• What is being asked: The pictures are to be left out when the listing below is reproduced word for word.

• Provided data:
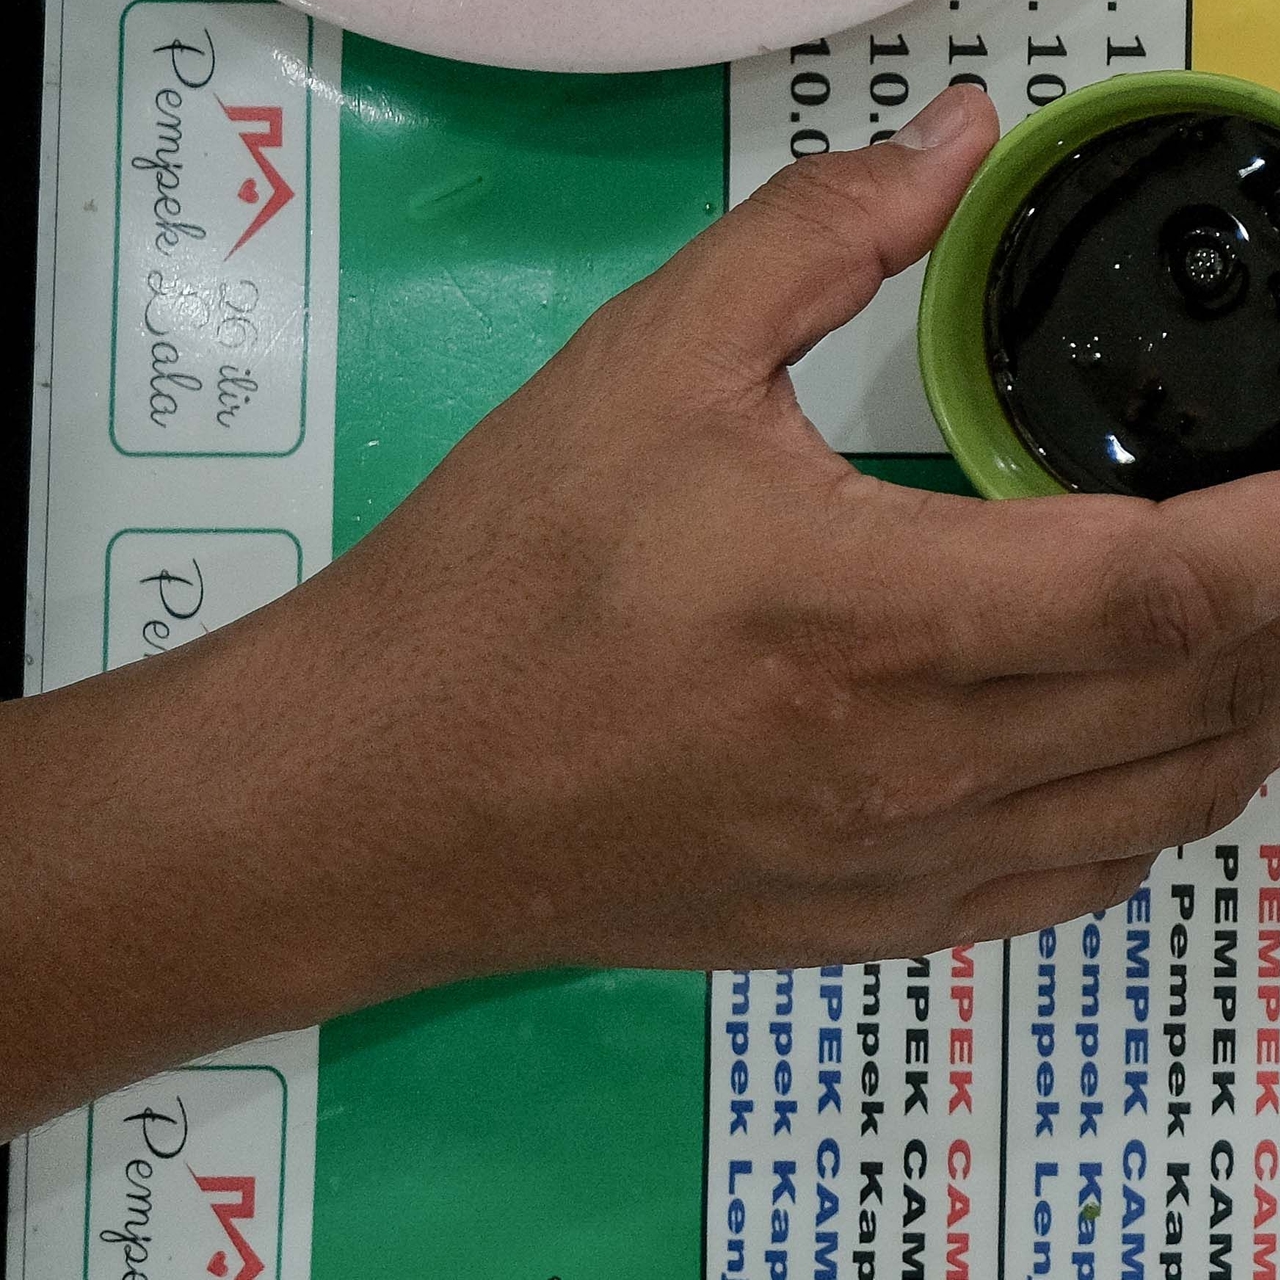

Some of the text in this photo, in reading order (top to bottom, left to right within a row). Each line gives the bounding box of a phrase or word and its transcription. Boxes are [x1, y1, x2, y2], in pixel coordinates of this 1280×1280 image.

[1106, 34, 1147, 67] 1
[130, 26, 216, 428] Pempek Lala
[216, 279, 259, 428] 26 ilir
[721, 970, 754, 1280] mpek Len
[763, 970, 798, 1280] mpek Kap
[813, 964, 843, 1280] PEK CAM
[851, 964, 884, 1280] mpek Kap
[901, 957, 929, 1280] PEK CAM
[945, 942, 974, 1280] MPEK CAM
[1026, 928, 1059, 1280] empek Len
[1072, 911, 1106, 1280] empek Kap
[1120, 877, 1151, 1280] EMPEK CAM
[1158, 883, 1196, 1280] Pempek Kap
[1208, 844, 1240, 1280] PEMPEK CAM
[1252, 1138, 1279, 1280] CAM

• Output of the exercise:
Some of the text in this photo, in reading order (top to bottom, left to right within a row). Each line gives the bounding box of a phrase or word and its transcription. Boxes are [x1, y1, x2, y2], in pixel coordinates of this 1280×1280 image.

[1106, 34, 1147, 67] 1
[130, 26, 216, 428] Pempek Lala
[216, 279, 259, 428] 26 ilir
[721, 970, 754, 1280] mpek Len
[763, 970, 798, 1280] mpek Kap
[813, 964, 843, 1280] PEK CAM
[851, 964, 884, 1280] mpek Kap
[901, 957, 929, 1280] PEK CAM
[945, 942, 974, 1280] MPEK CAM
[1026, 928, 1059, 1280] empek Len
[1072, 911, 1106, 1280] empek Kap
[1120, 877, 1151, 1280] EMPEK CAM
[1158, 883, 1196, 1280] Pempek Kap
[1208, 844, 1240, 1280] PEMPEK CAM
[1252, 1138, 1279, 1280] CAM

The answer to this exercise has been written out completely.